Nancy Agabian writes in the March issue of The Brooklyn Rail:
An event that seemed to measure American writers’ tolerance for dealing with race took place last year when the poet Claudia Rankine, who is black, took offense to “The Change,” a poem by Tony Hoagland, who is white. The speaker of “The Change,” who is also white, describes a black tennis player in stereotypically racist terms and then reveals that “I couldn’t help wanting / the white girl to come out on top, / because she was one of my kind, my tribe, / with her pale eyes and thin lips.” The narrator also celebrates the win of the black player as “the end of an era,” closing on the line, “and we were changed.” When Rankine asked her colleague about the poem, he admitted that the speaker was racist, made it clear that he wasn’t the speaker, and stated his preference not to explain the poem to a poet, adding, “This poem is for white people.” Rankine responded at the Associated Writing Programs conference with more questions, unsure whether Hoagland was aware of the poem’s lack of condemnation for racist attitudes. Further, she sensed that his claim that the poem was “for white people” was taking a historical form of entitlement, telling her, a black woman, to back off. She concluded her speech by pleading, “Language that feels hurtful is intended to exploit all the ways that I am present. My alertness, my openness, my desire to engage my colleague’s poem, my colleague’s words, actually demands my presence, my looking back at him. So here I am looking back, talking back and, as insane as it is, saying, please.” Rankine went on to call for submissions from writers of all racial backgrounds to broaden the discussion about “creative imagination and race” on her website. What resulted was a cavalcade of voices, asking and defending who gets to say what, why, how, and about whom in terms of race. [. . .]

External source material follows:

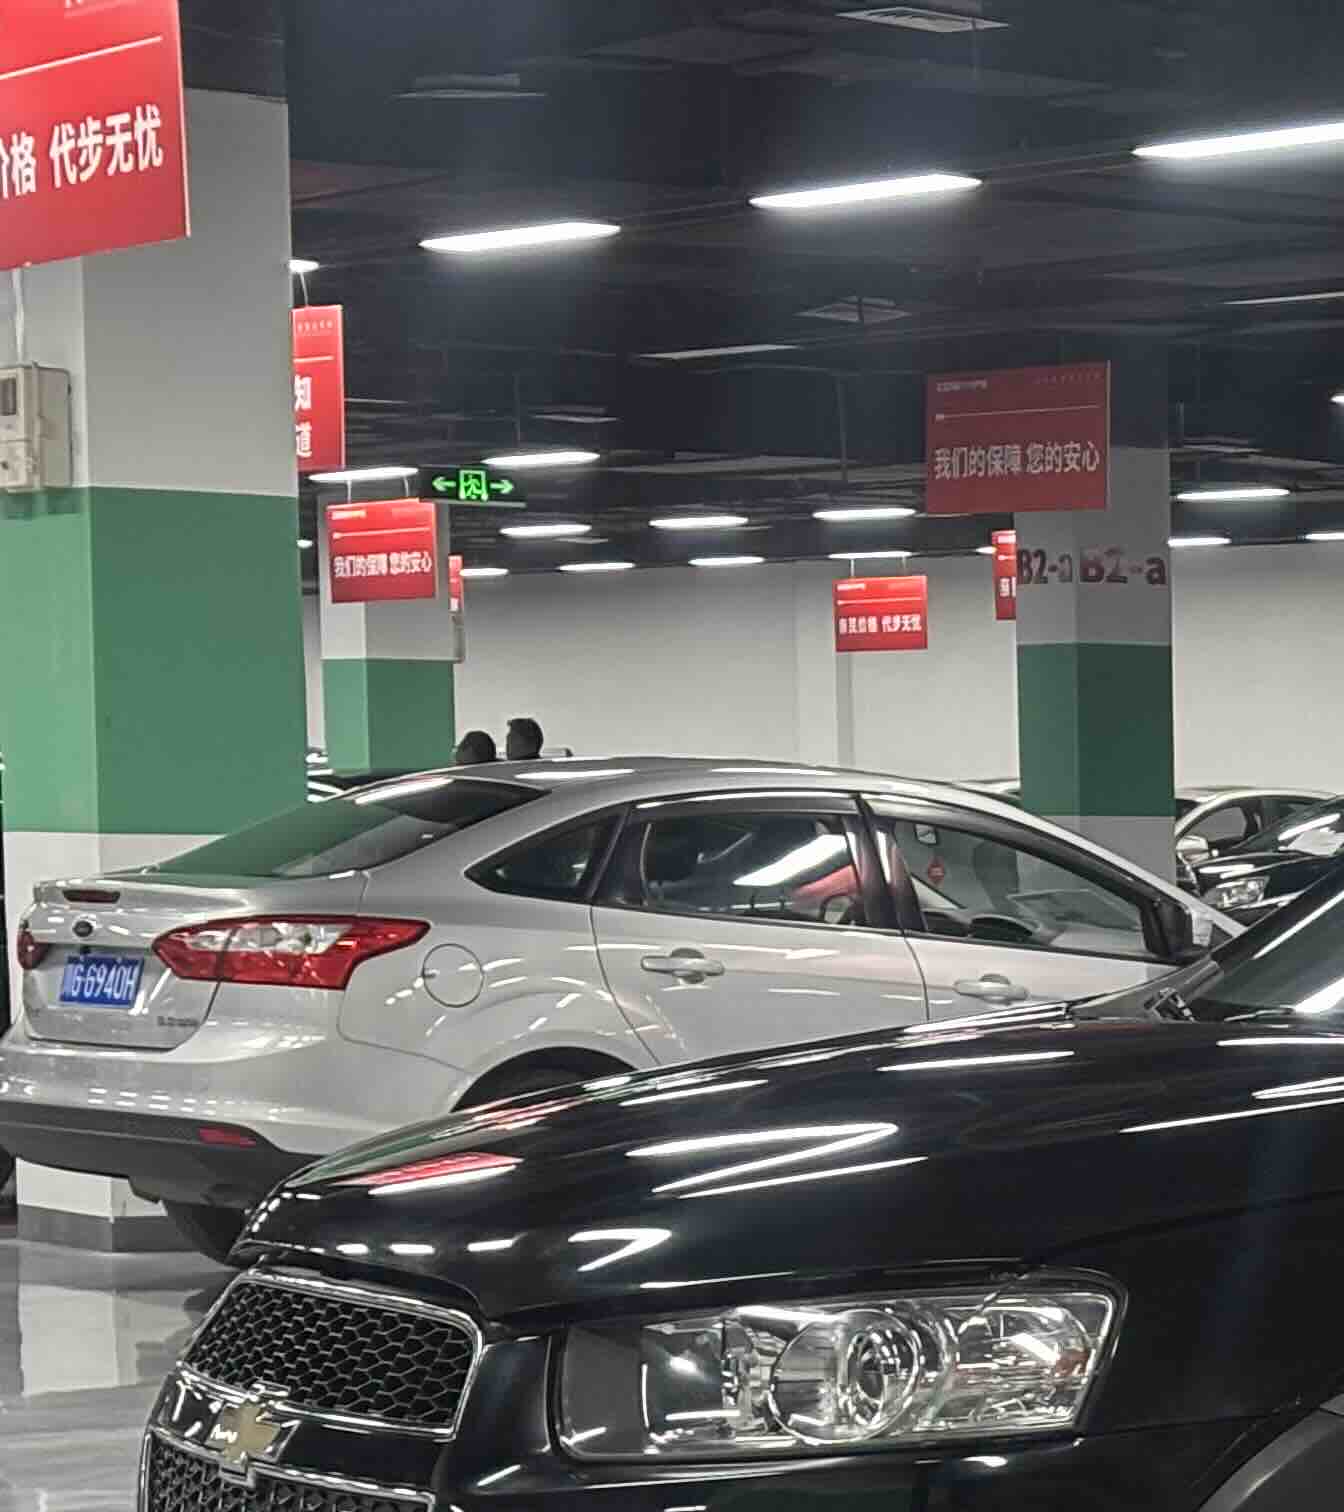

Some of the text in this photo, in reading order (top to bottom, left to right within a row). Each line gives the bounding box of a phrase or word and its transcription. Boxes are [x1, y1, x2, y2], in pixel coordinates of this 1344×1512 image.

I write this examination on racism, sexism, and representation in conjunction with the release of a book that I have been involved with for a few years: Queered: What’s to be done with Xcentric Art, a catalogue and document of the work of Queering Yerevan, a collective of Armenian women writers, artists, and activists living in Armenia and in the Armenian diaspora in the U.S., Europe, and North Africa. As we discussed how to promote the book, some members mentioned that they didn’t want the audience to be limited only to queer and/or Armenian readers. This called up the “nobody cares” voice in me, not so different, I now realize, from MacMaster feeling unheard because of his identity; it also helped me respond to the Amina scandal of last summer in a way I couldn’t do till now, with the power of a collective behind me.
The original members of Queering Yerevan (QY) communicated to each other first over a listserv as they found each other, became acquainted, compared their life experiences, then debated their purpose. Eventually they came to create three annual art events together as well as posting regularly on a shared blog. The book represents this work, sandwiching images from the exhibitions between texts that represent the group’s history: e-mail correspondence, rejection letters from foundations for support, resignations from various members, challenges to art institutions, a report on an art demonstration against militarism, an academic treatise on queer aesthetics, and an open letter in protest to homophobic articles about homosexuality in the Armenian media, among other documents. Much of the work isn’t translated, so there are Armenian texts that will remain mysterious unless you find an Armenian reader to sit with you and go over them—and Armenian readers won’t understand the English unless they find a translator as well: This represents the way the group communicated to each other, with speakers of different abilities among us.